# Singers who act so well...



## russetvelvet (Oct 14, 2016)

I was watching the documentary series 'My Favourite Opera' earlier today and this episode in particular: 



, which features Katia Ricciarelli talking about Bellini's 'I Capuleti e i Montecchi'; liked it immediately, did some googling around and incidentally found out that she actually has won a rather prestigious award in Italy as a movie actress in 2006! (See https://en.wikipedia.org/wiki/Nastro_d'Argento_for_Best_Actress) Quite a crossover feat, isn't it?

Are there any other singers who are having or have had similar careers? Mario Lanza comes to mind; Natalie Dessay seems to consider acting her main passion but to be honest her acting isn't on a par with her voice. I can't think of another.


----------



## Sloe (May 9, 2014)

Loa Falkman is a well known opera singer and actor in Sweden probably more recognised as an actor. There is a video on youtube of Un ballo in maschera with him as Holberg and Nicolai Gedda as Gustav III that have been linked here previously.

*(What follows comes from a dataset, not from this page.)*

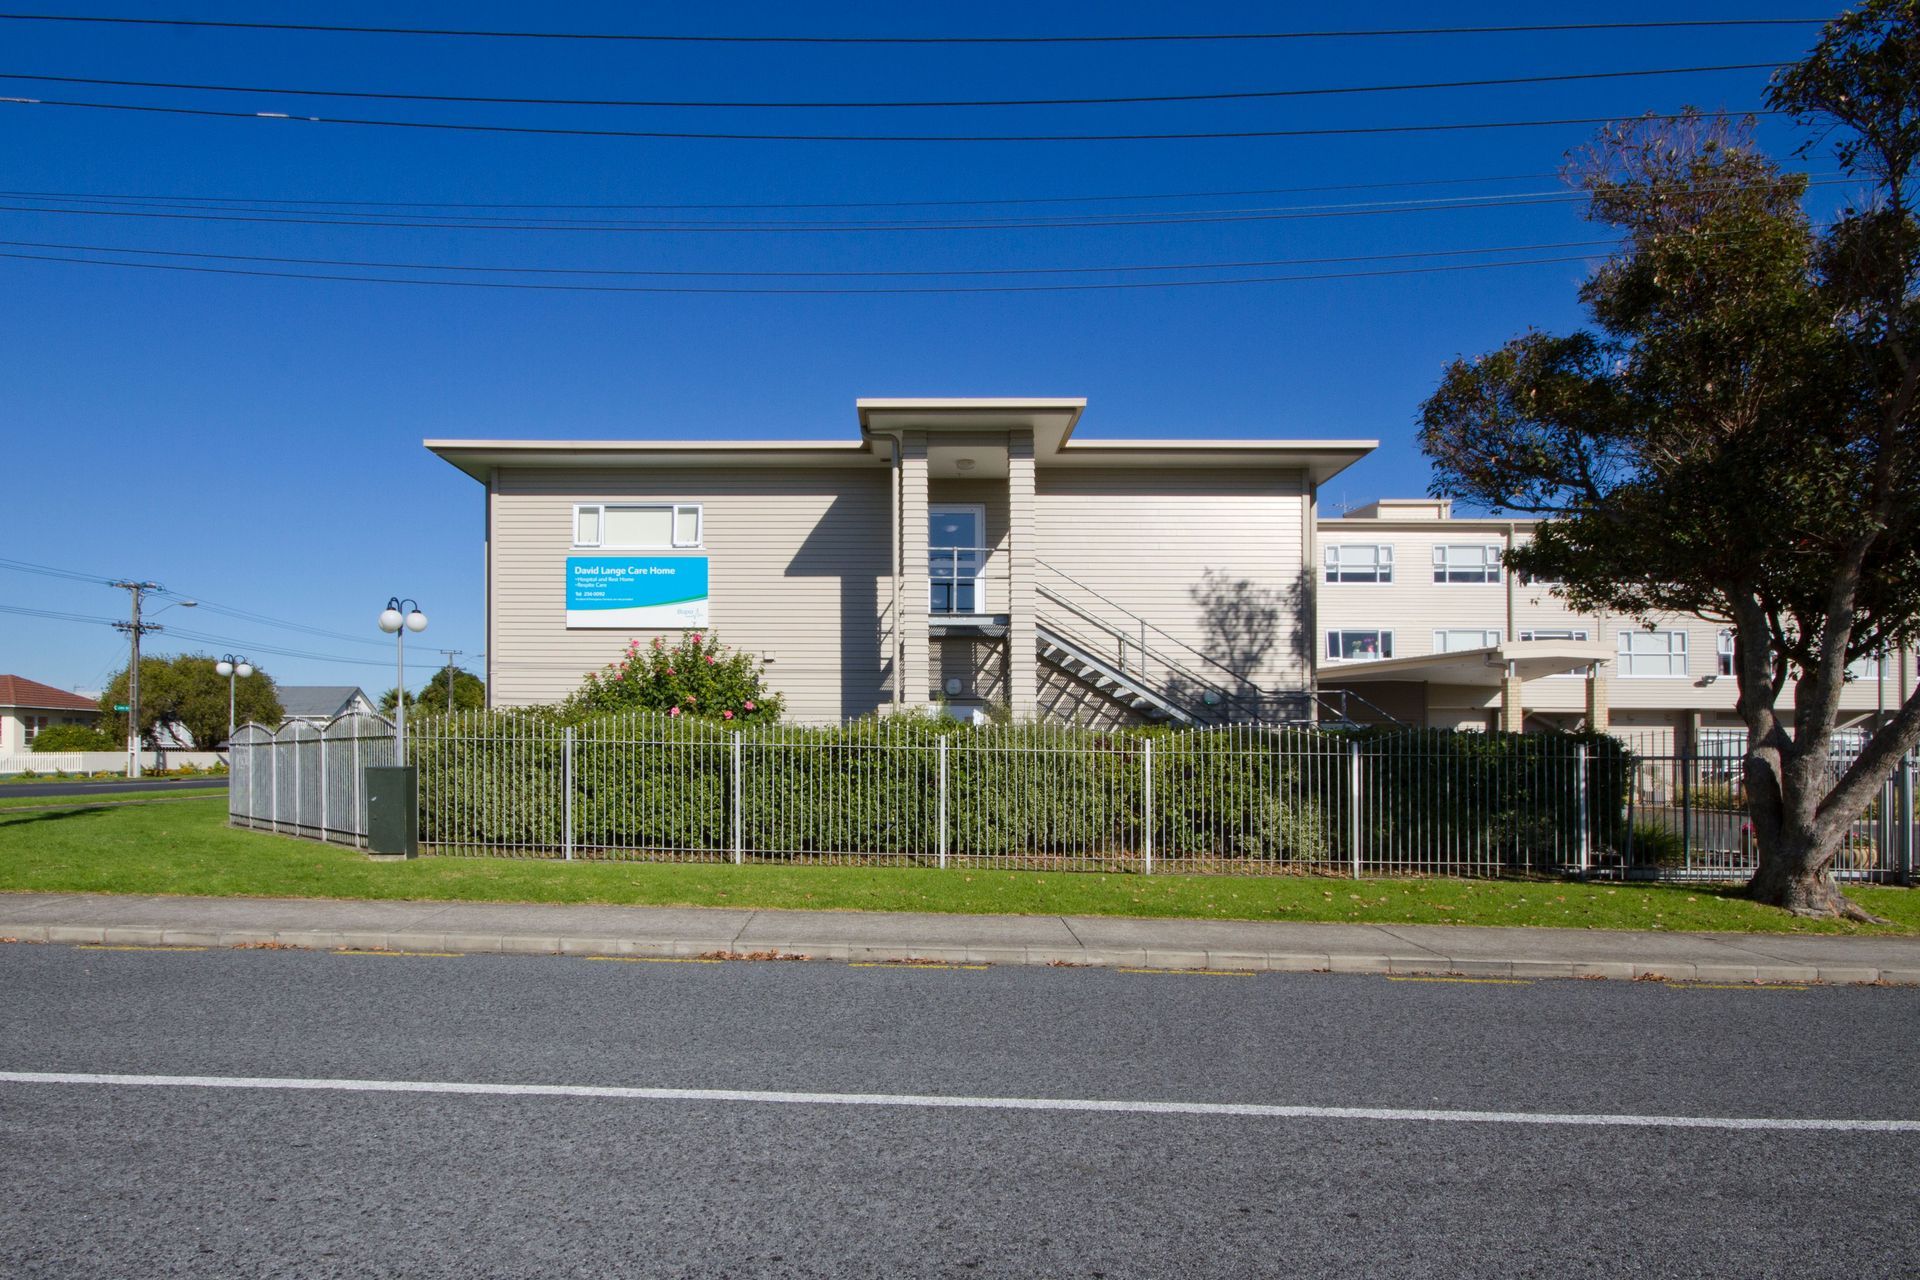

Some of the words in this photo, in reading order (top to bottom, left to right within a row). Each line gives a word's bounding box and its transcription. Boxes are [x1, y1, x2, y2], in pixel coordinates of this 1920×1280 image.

[574, 566, 599, 575] David
[601, 566, 626, 577] Lange
[628, 566, 648, 575] Care
[650, 566, 676, 575] Home

Afro Poli appeared in several opera films while being dubbed by other singers.


----------



## nina foresti (Mar 11, 2014)

Yo! Does the name Maria Callas come to mind?

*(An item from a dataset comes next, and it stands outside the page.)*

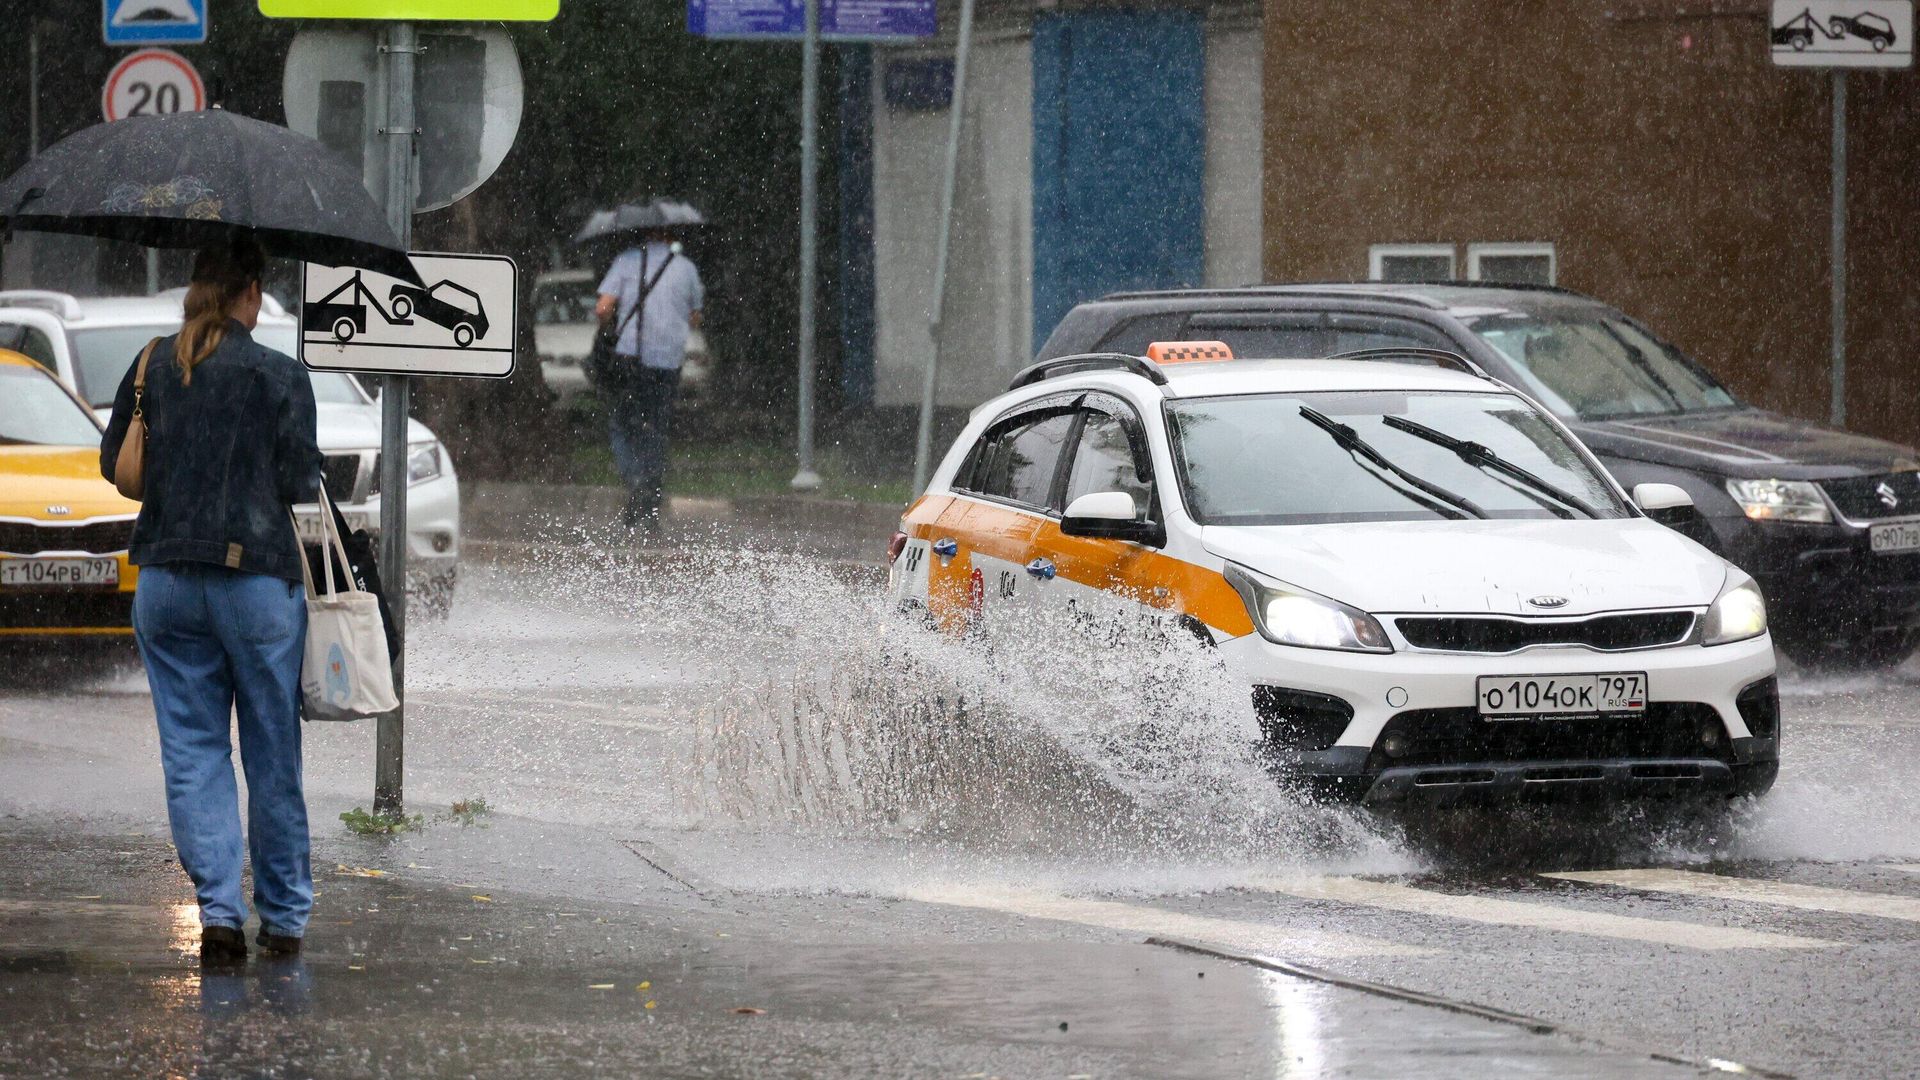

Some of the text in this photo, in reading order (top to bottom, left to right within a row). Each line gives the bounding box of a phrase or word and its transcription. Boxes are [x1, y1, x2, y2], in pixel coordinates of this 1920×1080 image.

[128, 82, 180, 117] 20
[8, 561, 111, 581] Т104РВ 797
[1487, 677, 1639, 709] О104ОК 797
[1608, 699, 1627, 707] RUS

Let us not forget some truly creative acting in some other fine singers:
Magda Olivero/Neil Shicoff/Rene Pape/Sondra Radvanovsky/Franco Corelli/Jon Vickers/Teresa Stratas/Joyce di Donato/Patricia Racette/Patricia Neway/Jonas Kaufmann/Boris Christoff/Dmitri Hvorostovsky/Eva Podles/Christine Goerke/Felicity Palmer/Diana Soviero/Anna Netrebko/Rolando Villazon/ and on and on and on......


----------



## Woodduck (Mar 17, 2014)

Tito Gobbi:


----------



## nina foresti (Mar 11, 2014)

Woodduck said:


> Tito Gobbi:


Of course Tito -- and so many others I have missed.


----------



## davidglasgow (Aug 19, 2017)

Grace Moore was nominated for the Best Actress Oscar and was a very accomplished singer
Depuis le jour from Louise





I remember reading that Inge Borkh was an actress before she was a singer
O Namenlose Freude with Jess Thomas





Ljuba Welitsch was later an actress as well
Menotti's The Consul


----------



## davidglasgow (Aug 19, 2017)

When I was thinking of examples it occurred to me how many female operatic artists have euphemistically - and it might be argued pejoratively - been called "singing-actresses". This tends to mean the critic likes their acting but not their singing  Some names which come up when searching the web include (in no particular order):

Mary Garden
Martha Modl
Leonie Rysanek
Anja Silja
Astrid Varnay
Maria Callas
Lorraine Hunt Lieberson 
Karita Mattila
Waltraud Meier
Renata Scotto
Teresa Stratas

I think this sort of characterization may reflect a double standard...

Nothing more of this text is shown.